NATO night raids cause rising anger in Afghanistan, report says
A US-based institute said NATO-led night operations are making the military alliance unpopular in Afghanistan and that "security is at its worst level" since the ousting of Taliban regime in 2001.
The Open Society Foundations report published Monday said civilians are now exposed to night raids, which is a source for "durable hurt" even if no casualties occur, DPA reported.
"Mass detention operations, holding the entire village for questioning on site for prolonged period of time may violate international prohibitions against indiscriminate detention," it said.
Civilians have accused international forces of "spreading terror" and "creating more violence," the report said.

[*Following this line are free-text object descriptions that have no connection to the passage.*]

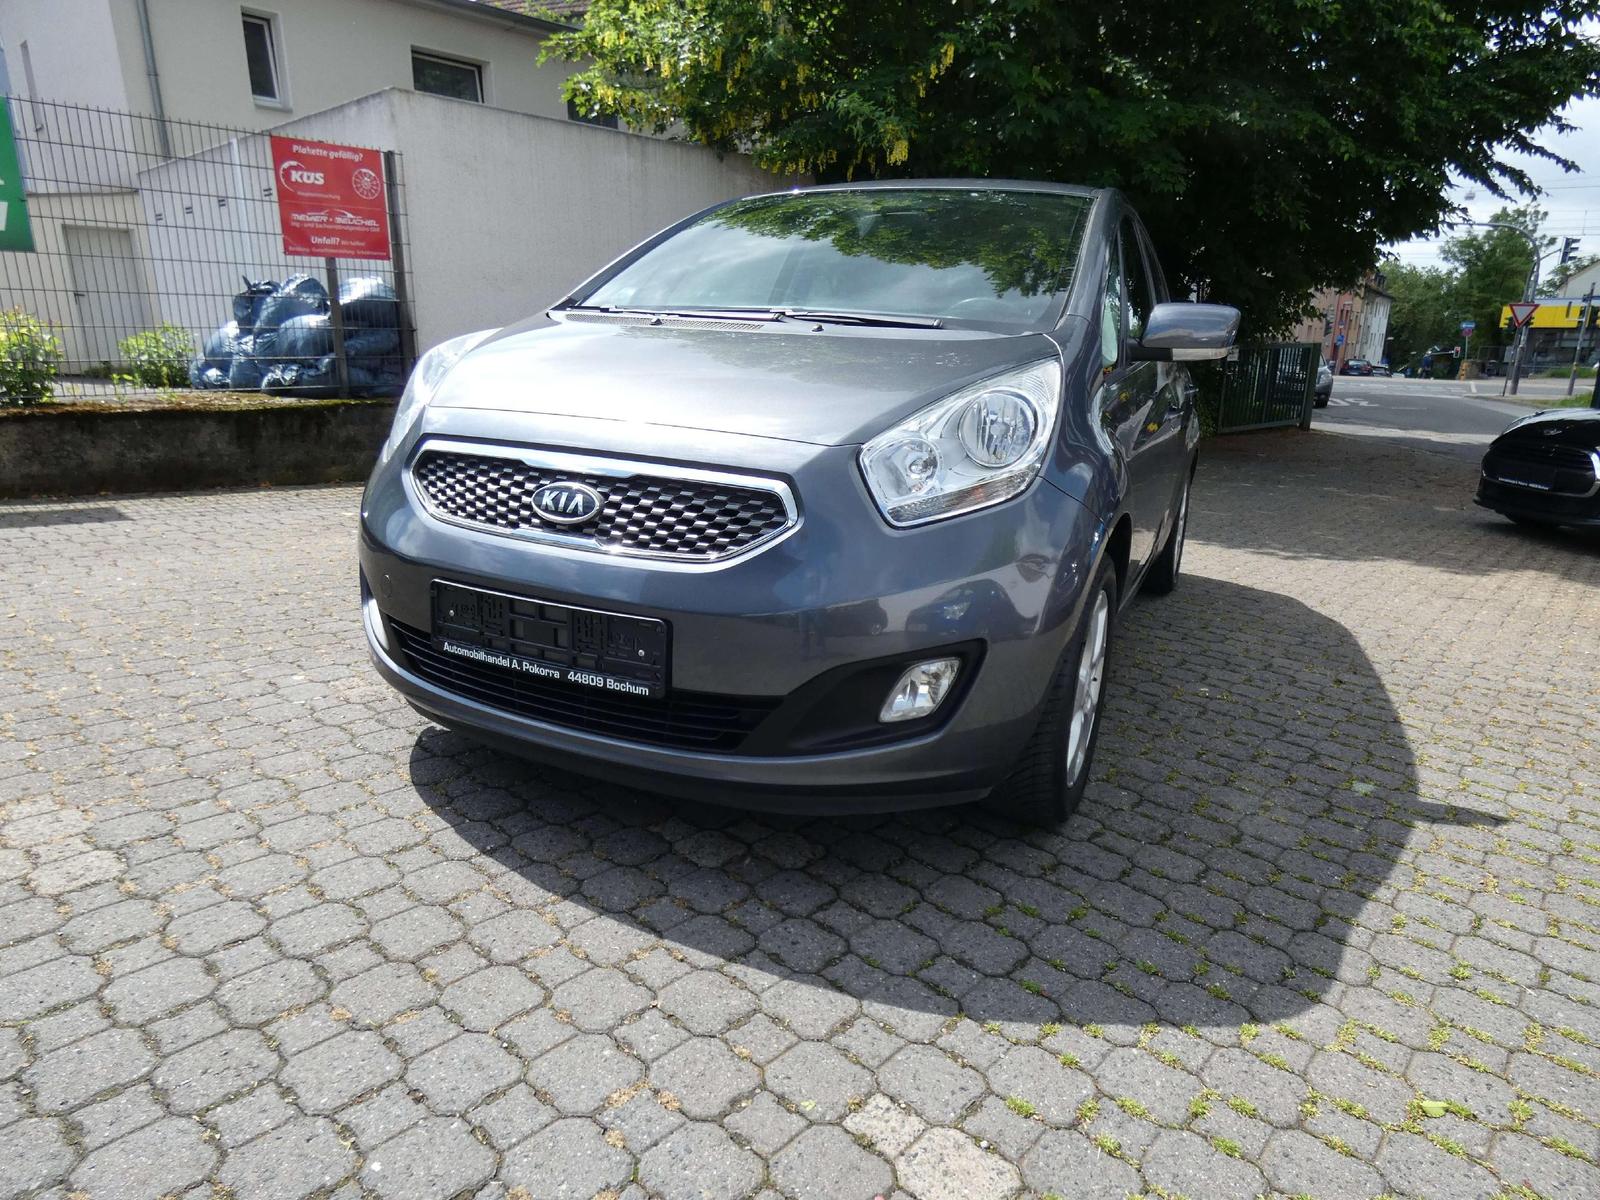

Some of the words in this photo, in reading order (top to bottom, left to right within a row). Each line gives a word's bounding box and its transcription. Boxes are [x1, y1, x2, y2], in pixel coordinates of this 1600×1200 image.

[292, 144, 327, 156] Plakette
[329, 150, 364, 162] gefällig?
[311, 235, 340, 245] Unfall?
[540, 490, 584, 516] KIA
[443, 642, 510, 667] Automobilhandel
[511, 659, 521, 670] A.
[522, 661, 560, 679] Pokorra
[567, 671, 604, 687] 44809
[606, 678, 649, 696] Bochum

NATO spokesman General Cartsen Jacobson insisted that night raids are the most successful type of operations for the alliance.

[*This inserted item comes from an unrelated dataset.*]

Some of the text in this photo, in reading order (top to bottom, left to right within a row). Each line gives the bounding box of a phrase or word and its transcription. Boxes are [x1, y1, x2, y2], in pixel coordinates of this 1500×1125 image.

Nearly 130,000 international forces are currently fighting the Taliban-led insurgency in Afghanistan.
Night raids are a major area of contention between international forces and President Hamid Karzai, who is publicly critical of the amount of civilian casualties during the operations.
The UN has also blamed NATO and US forces for causing increasing civilian deaths due with airstrikes and night raids.
Civilian deaths from airstrikes increased 14 per cent during the first six months of the year, a UN report said in July. Civilian deaths from ground combat also increased by 36 per cent.